William Blake is considered a seminal figure in the history of both the poetry and visual arts of the Romantic age.

Romanticism was an artistic, literary, and intellectual movement that originated in Europe toward the end of the 18th century. Scholars regard the publishing of William Wordsworth's and Samuel Coleridge's Lyrical Ballads in 1798 as probably the beginning of the movement in England, and the Coronation of Queen Victoria in 1838 as its end. Romanticism arrived in other parts of the English-speaking world later; in the United States, about 1820.

The Romantic period was one of social change in England because of the depopulation of the countryside and the rapid growth of overcrowded industrial cities between 1798 and 1832. The movement of so many people in England was the result of two forces: the Agricultural Revolution, which involved enclosures that drove workers and their families off the land; and the Industrial Revolution, which provided jobs "in the factories and mills, operated by machines driven by steam-power". Indeed, Romanticism may be seen in part as a reaction to the Industrial Revolution, though it was also a revolt against the aristocratic social and political norms of the Age of Enlightenment, as well as a reaction against the scientific rationalization of nature.
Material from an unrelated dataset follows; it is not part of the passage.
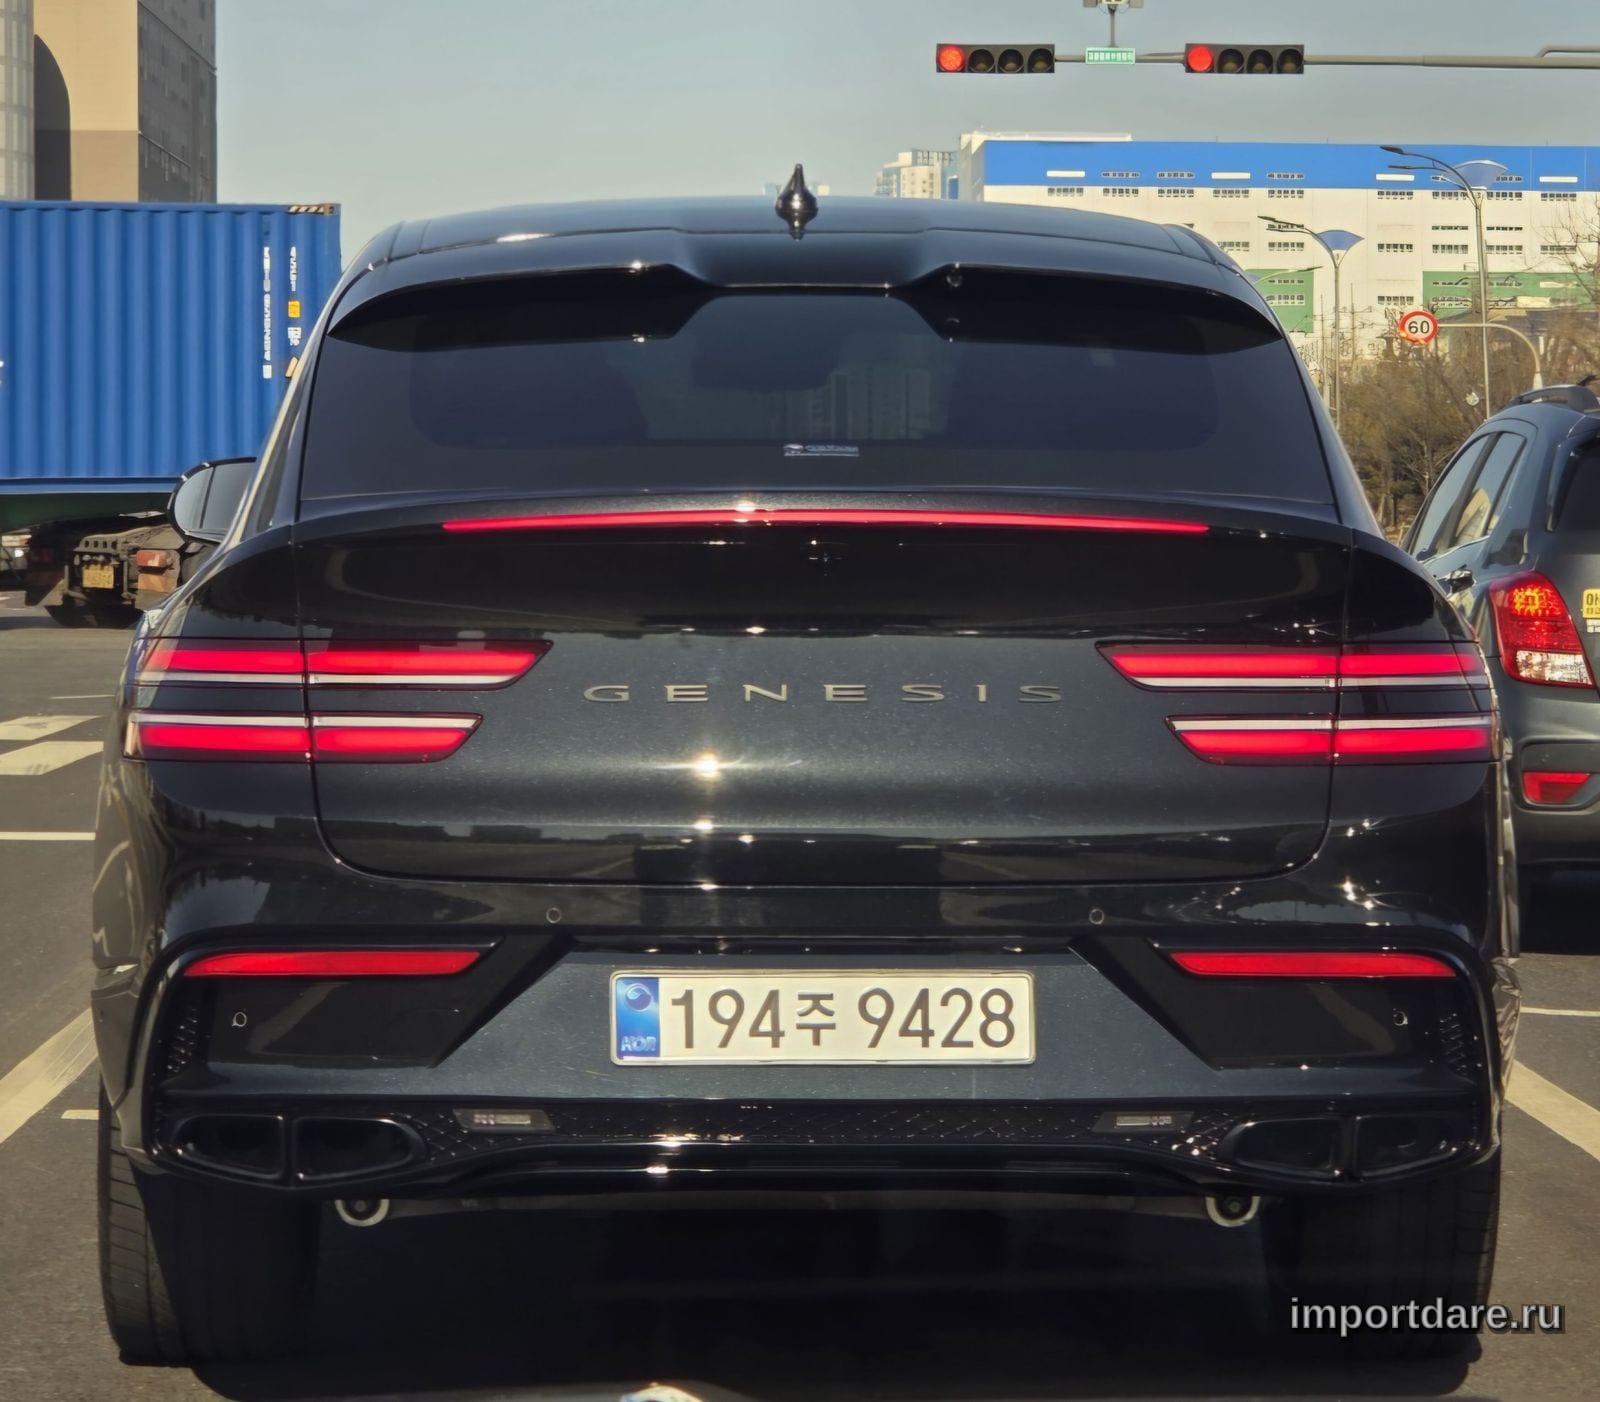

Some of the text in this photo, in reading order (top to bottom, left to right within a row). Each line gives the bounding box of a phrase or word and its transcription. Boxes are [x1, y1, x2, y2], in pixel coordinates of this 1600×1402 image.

The French Revolution had an important influence on the political thinking of many Romantic figures at this time as well.

==England==
===18th-century precursors===
The Romantic movement in English literature of the early 19th century has its roots in 18th-century poetry, the Gothic novel and the novel of sensibility. This includes the pre-Romantic graveyard poets from the 1740s, whose works are characterized by gloomy meditations on mortality, "skulls and coffins, epitaphs and worms". To this was added by later practitioners, a feeling for the "sublime" and uncanny, and an interest in ancient English poetic forms and folk poetry. These concepts are often considered precursors of the Gothic genre. Gothic poets include Thomas Gray (1716–71), whose Elegy Written in a Country Churchyard (1751) is "the best known product of this kind of sensibility"; William Cowper (1731–1800); Christopher Smart (1722–71); Thomas Chatterton (1752–70); Robert Blair (1699–1746), author of The Grave (1743), "which celebrates the horror of death"; and Edward Young (1683–1765), whose The Complaint, or Night-Thoughts on Life, Death and Immortality (1742–45) is another "noted example of the graveyard genre". Other precursors of Romanticism are the poets James Thomson (1700–48) and James Macpherson (1736–96).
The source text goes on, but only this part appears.